The visuals of “Cabinet of Wonders” are there Choice options (object studies) created by M. Pitoiset of French primary schools and a select number of Blaschka botanical glass models, as well as Japanese globes and Italian wax plant and fruit models. These intricately designed pieces are examples of innovations that emerged in the 19th century, such as nature printing and early photographic techniques such as the cyanotype.
Of course, there is Italian art on display, too. Highlights include a painting by Jacopo Robusti, known as Tintoretto, Adam and Eve before God from the 16th century and a portrait of the archbishop Giovanni Grimani by the same artist from the early 17th century. There are never-before-exhibited works by Venetian masters such as Titian and Veronese. Nearby are anatomical figures of men from the 19th century—artifacts of the time, certainly, but also art.
Here, Loudon's amazing collection is presented as an art installation for the first time. “George Loudon's insatiable curiosity about the natural world and science soon led him to discover the beauty and magic within the objects and images of 19th-century life science,” writes shepherd Thierry Morel. “In this scenographic odyssey, artefacts emerge from shadowy origins, discarding the mundane to reveal themselves as beautiful works of art, resplendent with unexpected poetry.”
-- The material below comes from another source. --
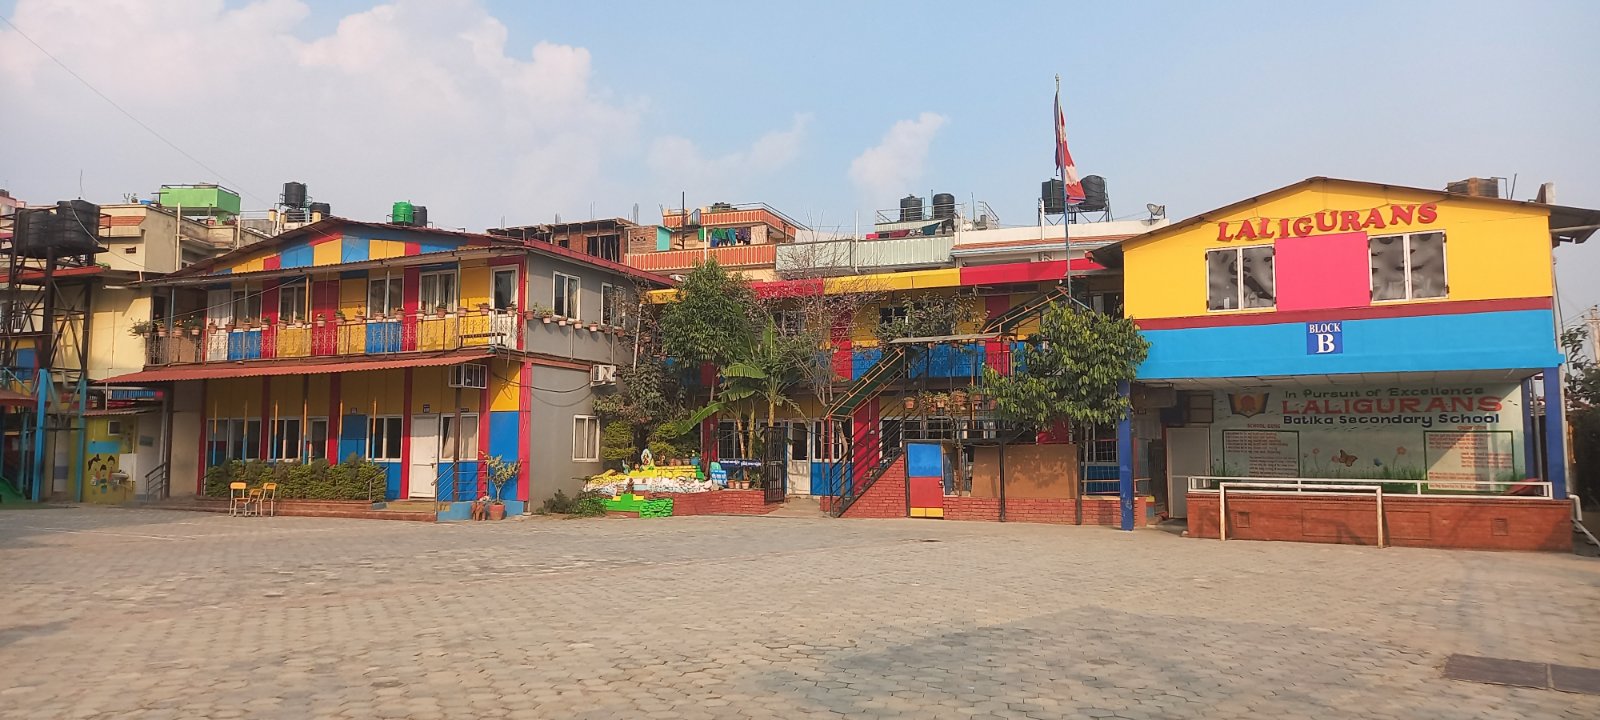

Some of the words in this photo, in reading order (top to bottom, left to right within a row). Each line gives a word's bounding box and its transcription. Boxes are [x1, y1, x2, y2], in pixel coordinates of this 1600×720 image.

Loudon is one of the few art collectors who specializes in 19th century life science figures and models. When industrially produced versions eventually replaced these, the handmade originals were often left to gather dust in a museum vault unless they found their way into pop culture. But these paintings and models are objets d'art and a celebration of art that has been lost—and proof that collecting art doesn't always mean collecting paintings.
“Cabinet of Wonders: A Celebration of Art in Nature” is at the Museo di Palazzo Grimani until May 11, 2025.